James Stuart, a Scotchman, who wrote "Three Years in North America," devoting his attention to "a faithful and candid representation of the facts which the author observed and noted in the places where they presented them- selves."-those are his words-said :
"We arrived in St. Louis on Sunday, the 25th of April (1830), on so cold a morning that the first request I made on reaching the City hotel, in the upper part of the town, was for a fire, which was immediately granted. The hotel turned out a very comfortable one. It contains a great deal of accommodation. The only inconvenience I felt arose from the people not being accustomed, as seems generally the case in the western country, to place water basins and a towel in every bedroom. The system of washing at some place near the well is general, but the waiters or chambermaids never refuse to bring everything to the bedroom that is desired. It is, however, so little the practice to bring a washing apparatus to the bedrooms that they are very apt to forget a general direction regularly to do so. We had a great quantity of fine poultry at this house; and the table, upon the whole, was extremely well managed."
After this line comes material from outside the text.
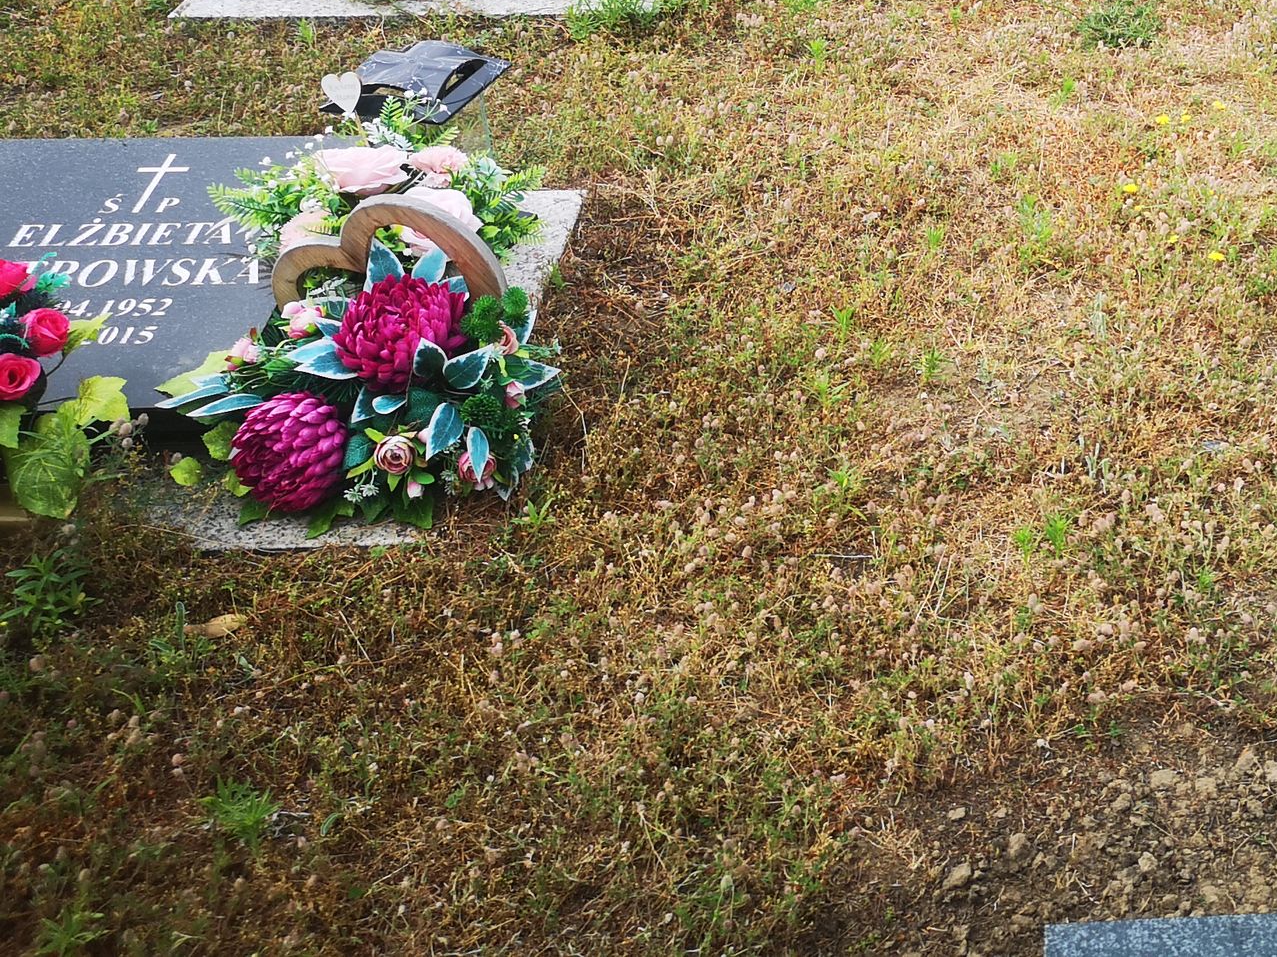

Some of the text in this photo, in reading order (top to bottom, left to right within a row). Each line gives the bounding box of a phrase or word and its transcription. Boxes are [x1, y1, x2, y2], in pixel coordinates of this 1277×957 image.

[98, 194, 181, 213] Ś P
[7, 218, 234, 248] ELŻBIETA
[80, 326, 159, 346] 015
Melish. an English traveler, gave high praise to American taverns. He told of one place he visited where there were sixty houses of which seven were taverns. He described a breakfast table on which there were "table cloth, tea tray, tea pot. milk pot, bowls, cups, sugar tongs; tea spoons, castors, plates, knives, forks, tea, sugar, cream, bread, butter, steak, eggs, cheese, potatoes, Deets, salt, vinegar, pepper,-all for twenty-five cents." . .
Religious services were held in taverns. Not infrequently the tavern was conducted by a woman, usually a widow. In the earliest days of the American colonies the house of entertainment was known as "the ordinary." But when that term went out of use, Americans did not take kindly to the English name of "inn." "Tavern," of good full volume of vowel sound, was adopted and it was applied universally in Missouri as settlement spread. When a Missouri community reached metropolitan pretensions, "tavern" gradually gave place to "hotel." But "tavern" continued to be the popular term along the rivers and the stage coach routes.